Task to complete:
The entries must be set down again word for word; no pictures belong in the copy.

Data excerpts
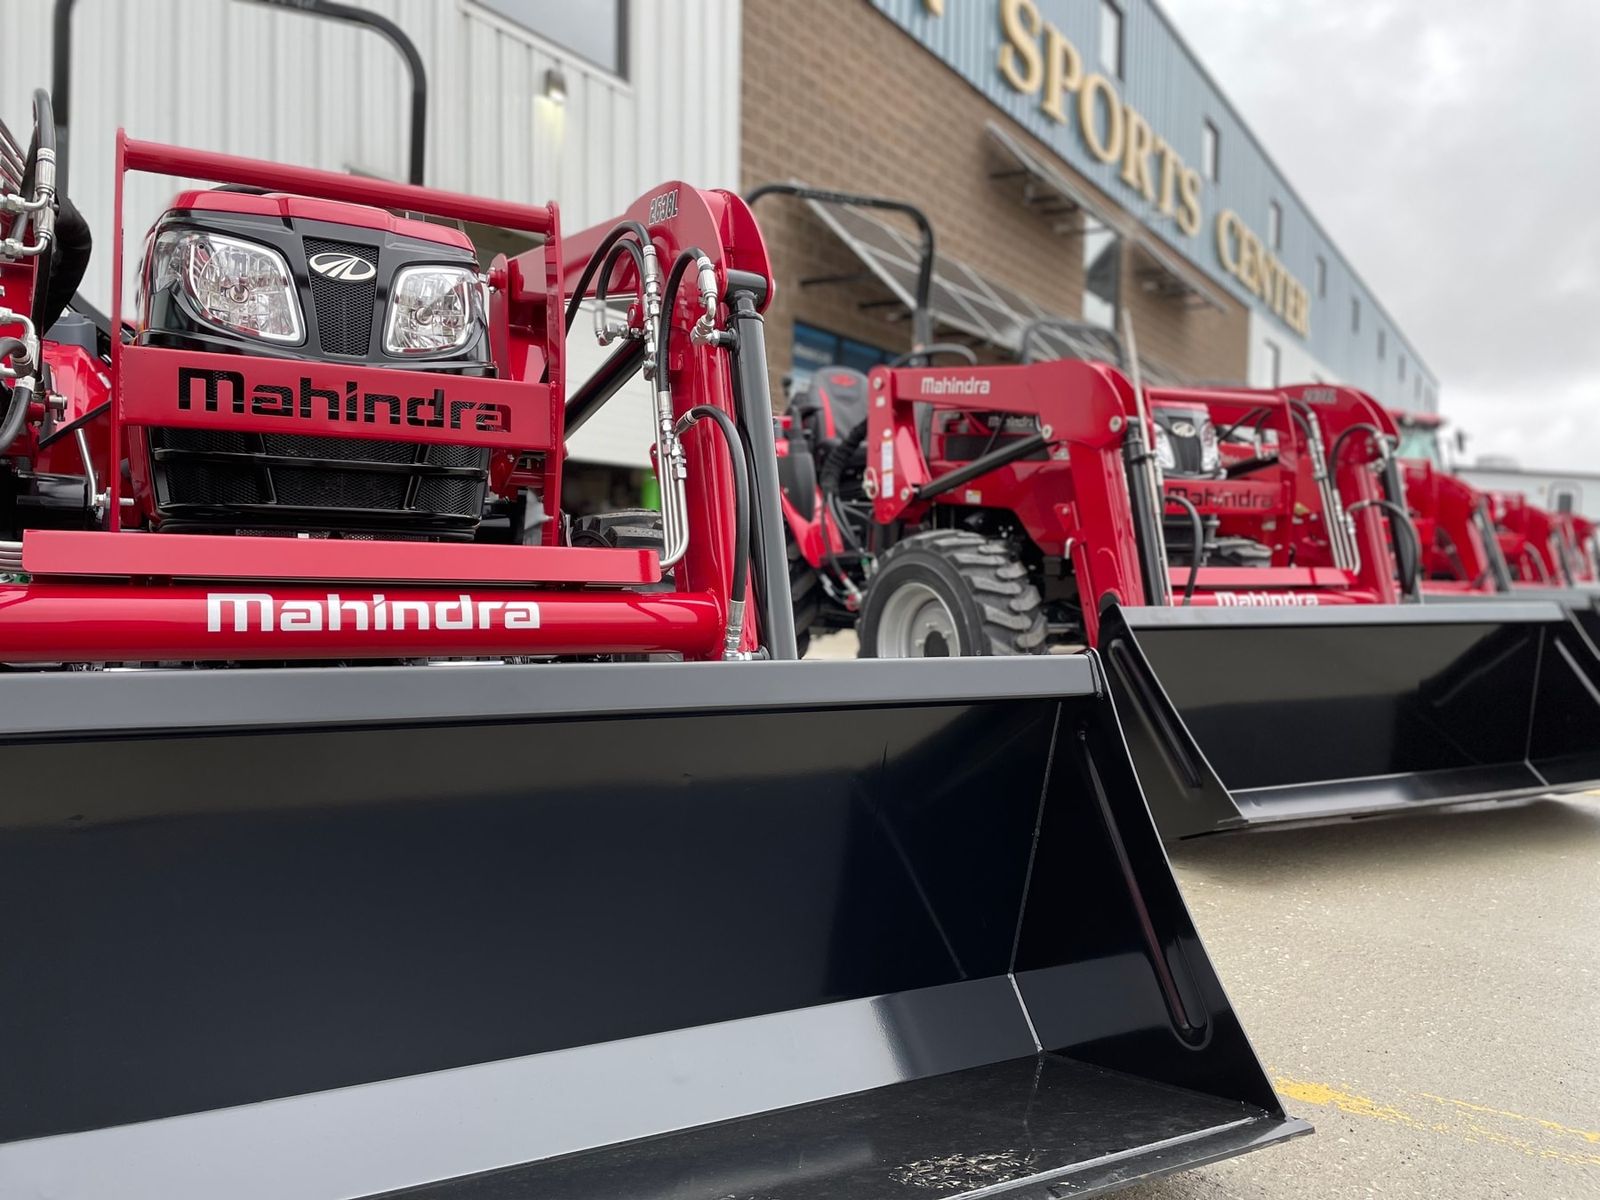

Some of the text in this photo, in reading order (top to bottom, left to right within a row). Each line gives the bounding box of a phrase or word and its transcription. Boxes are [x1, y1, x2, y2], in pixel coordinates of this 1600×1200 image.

[999, 0, 1312, 339] SPORTS CENTER
[178, 366, 512, 433] Mahindra
[921, 377, 990, 394] Mahindra
[207, 593, 541, 632] Mahindra

Your solution:
Some of the text in this photo, in reading order (top to bottom, left to right within a row). Each line gives the bounding box of a phrase or word and its transcription. Boxes are [x1, y1, x2, y2], in pixel coordinates of this 1600×1200 image.

[999, 0, 1312, 339] SPORTS CENTER
[178, 366, 512, 433] Mahindra
[921, 377, 990, 394] Mahindra
[207, 593, 541, 632] Mahindra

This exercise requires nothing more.